3 Mar 2023

Shortage of protective gear put police in danger during Parliament riots - advocates

9:37 am on 3 March 2023
A paving stone is thrown at police on the Bowen/Lambton corner

Protesters threw paving stones at police during the riots at Parliament, on 2 March 2022. Photo: VNP / Phil Smith

Police officers were needlessly put in danger during the riots at Parliament when they were sent in without the correct protective gear, police advocacy groups say.

About 150 officers were injured on 2 March last year during the full day push to remove protesters from the grounds and end the anti-mandate occupation.

Speaking to RNZ, Police Association president Chris Cahill said many officers were not provided with the necessary speciality shields and helmets.

"Rocks were being thrown at them. Some had small shields, some had none at all, and very few had helmets to protect them," he said.

"There really wasn't enough kit in the country."

Cahill said it was a matter of luck that the injuries were not more serious.
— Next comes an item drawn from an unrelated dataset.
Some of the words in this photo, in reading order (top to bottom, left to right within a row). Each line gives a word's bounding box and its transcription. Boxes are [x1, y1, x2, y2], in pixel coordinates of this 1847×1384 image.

"Some of those bricks that were thrown, the paving stones that were ripped out, if they'd hit an officer in the wrong place with the right level of force, someone could have died."

A police officer receives first aid in Parliament's garden

A police officer being given first aid in Parliament's garden. Photo: VNP / Phil Smith

The Independent Police Conduct Authority (IPCA) is reviewing the policing of the protest - including equipment provided - and is due to report back by the end of March.
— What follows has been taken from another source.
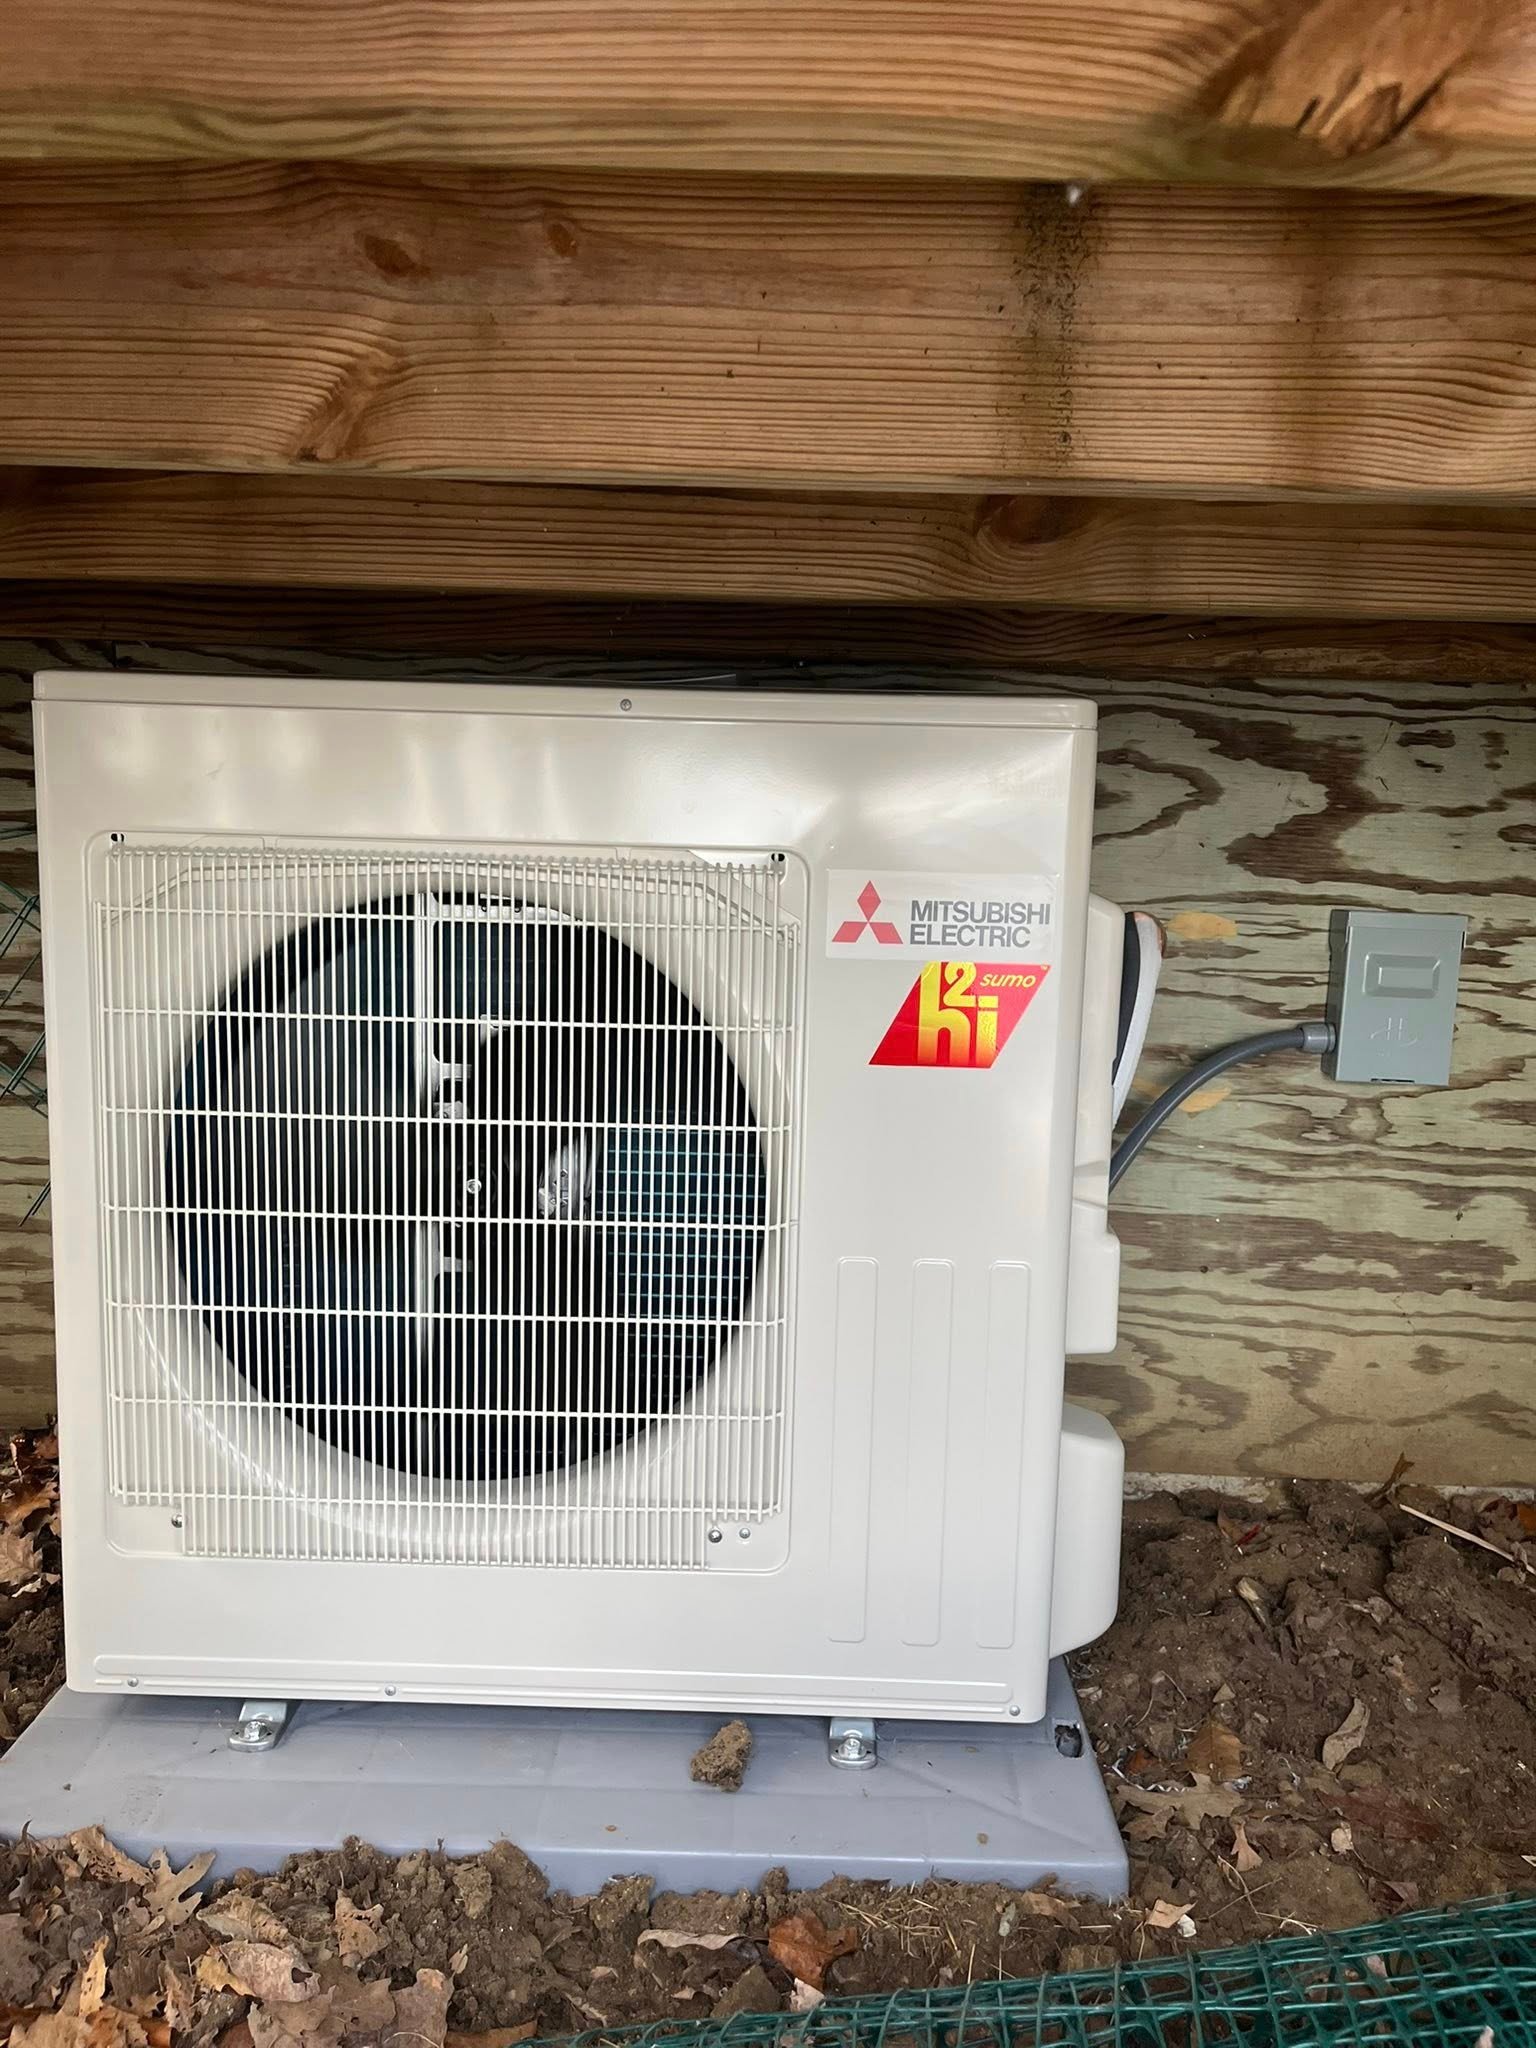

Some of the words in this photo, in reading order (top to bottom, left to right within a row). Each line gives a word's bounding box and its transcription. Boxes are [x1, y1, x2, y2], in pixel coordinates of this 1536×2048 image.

[911, 900, 1051, 925] MITSUBISHI
[909, 924, 1031, 948] ELECTRIC
[979, 972, 1037, 988] sumo
Police were asked for a response but a spokesperson said they were unable to provide comment while the IPCA review was ongoing.
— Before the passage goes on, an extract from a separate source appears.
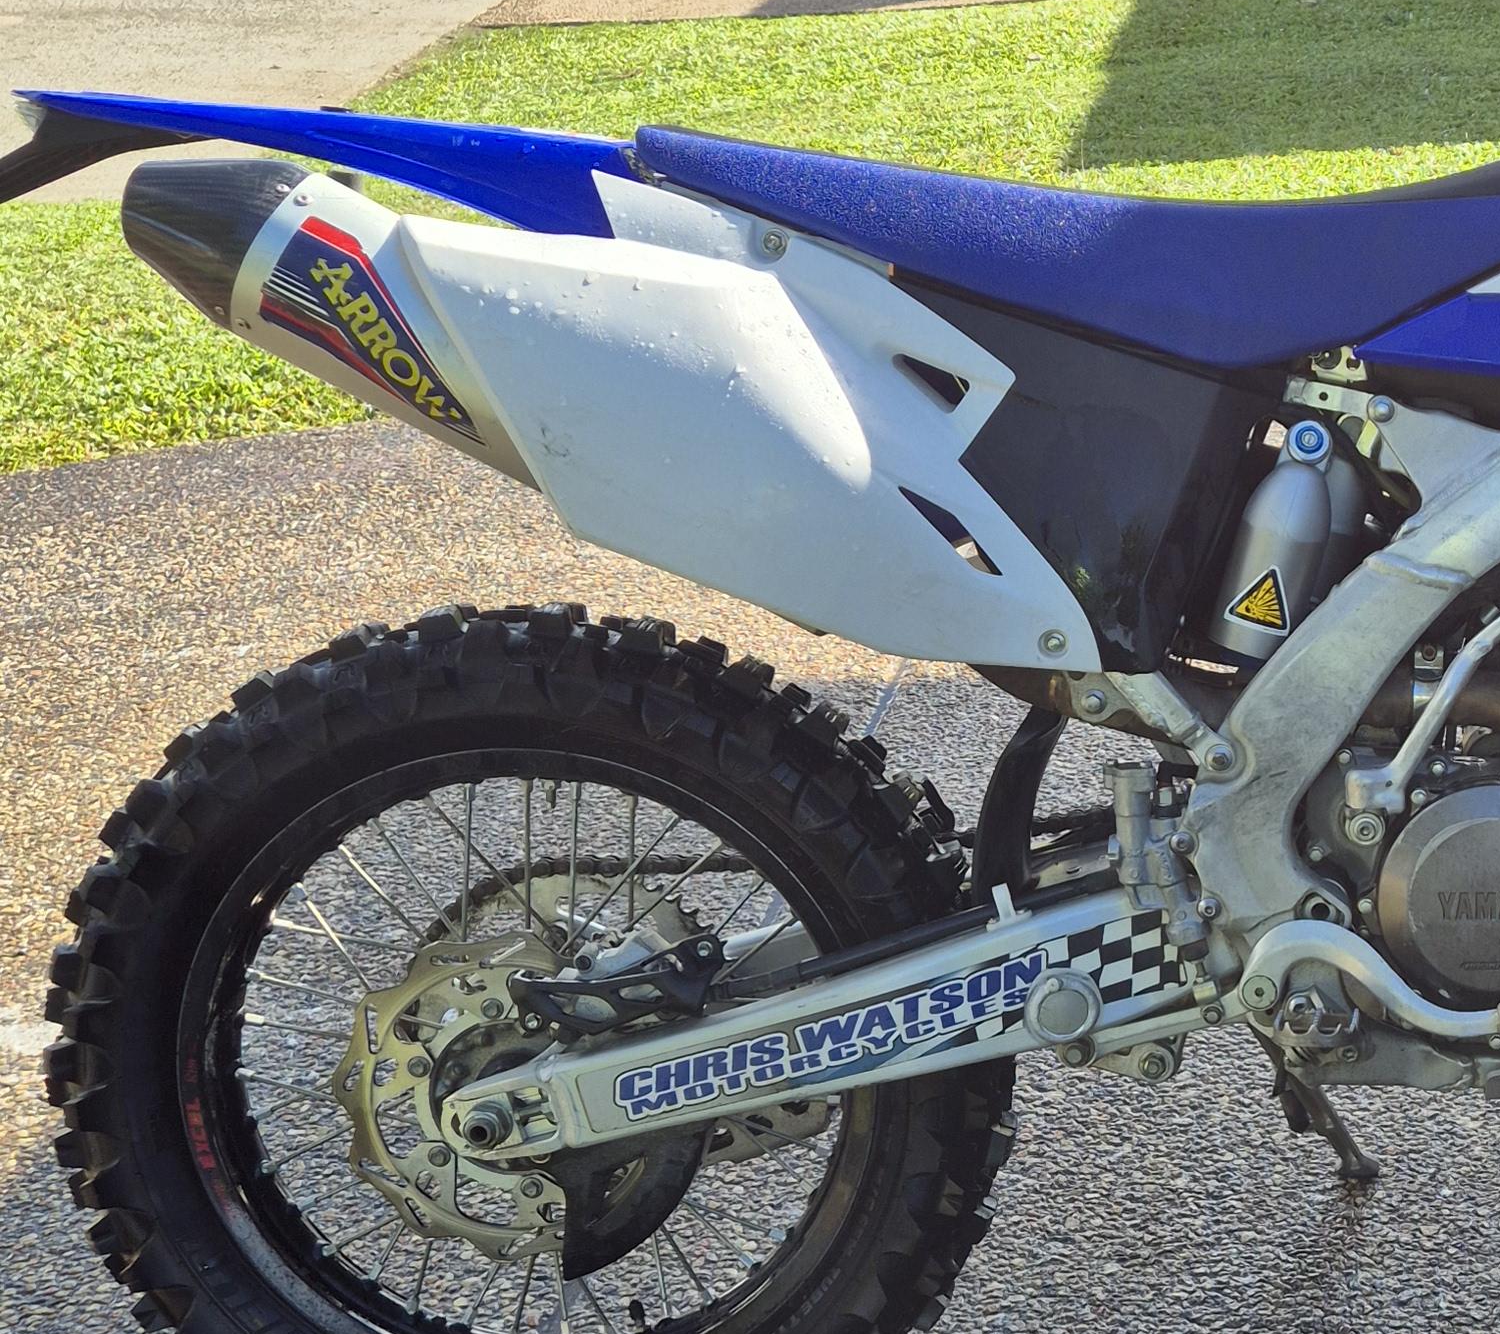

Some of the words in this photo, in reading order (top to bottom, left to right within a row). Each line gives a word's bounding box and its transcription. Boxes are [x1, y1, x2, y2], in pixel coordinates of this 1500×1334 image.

[309, 257, 462, 419] ARROW
[619, 1035, 786, 1102] CHRIS
[799, 954, 1043, 1047] WATSON
[630, 987, 1031, 1115] MOTORCYCLES
Allister Rose is a former police officer turned health and safety advocate at Blue Hope Foundation, a health and safety charity for police officers.

He told RNZ he believed as many as 200 officers were sent into the riots without the appropriate protection.

"A number of our members have come forward and spoken to us and haven't been happy about the amount of equipment that they were supplied with.

"They've been mentioning that they haven't had enough shields, head protection and head protection with visors."

A police officer is dragged to the ground by protestors during police action on March 2nd, 2022.

A police officer dragged to the ground by protesters at Parliament during 2 March, 2022. Photo: RNZ / Angus Dreaver

A police officer is dragged to the ground by protestors during police action on March 2nd, 2022.

Photo: RNZ / Angus Dreaver

Rose said he believed the police headquarters knew they did not have enough protective equipment but pushed ahead regardless.

"They went ahead with the plan anyway - and police officers' health and safety was put at risk," Rose said.

He said it was his view many of the injuries inflicted on 2 March could have been avoided.

"If it was any other business in New Zealand, WorkSafe would be taking a special interest."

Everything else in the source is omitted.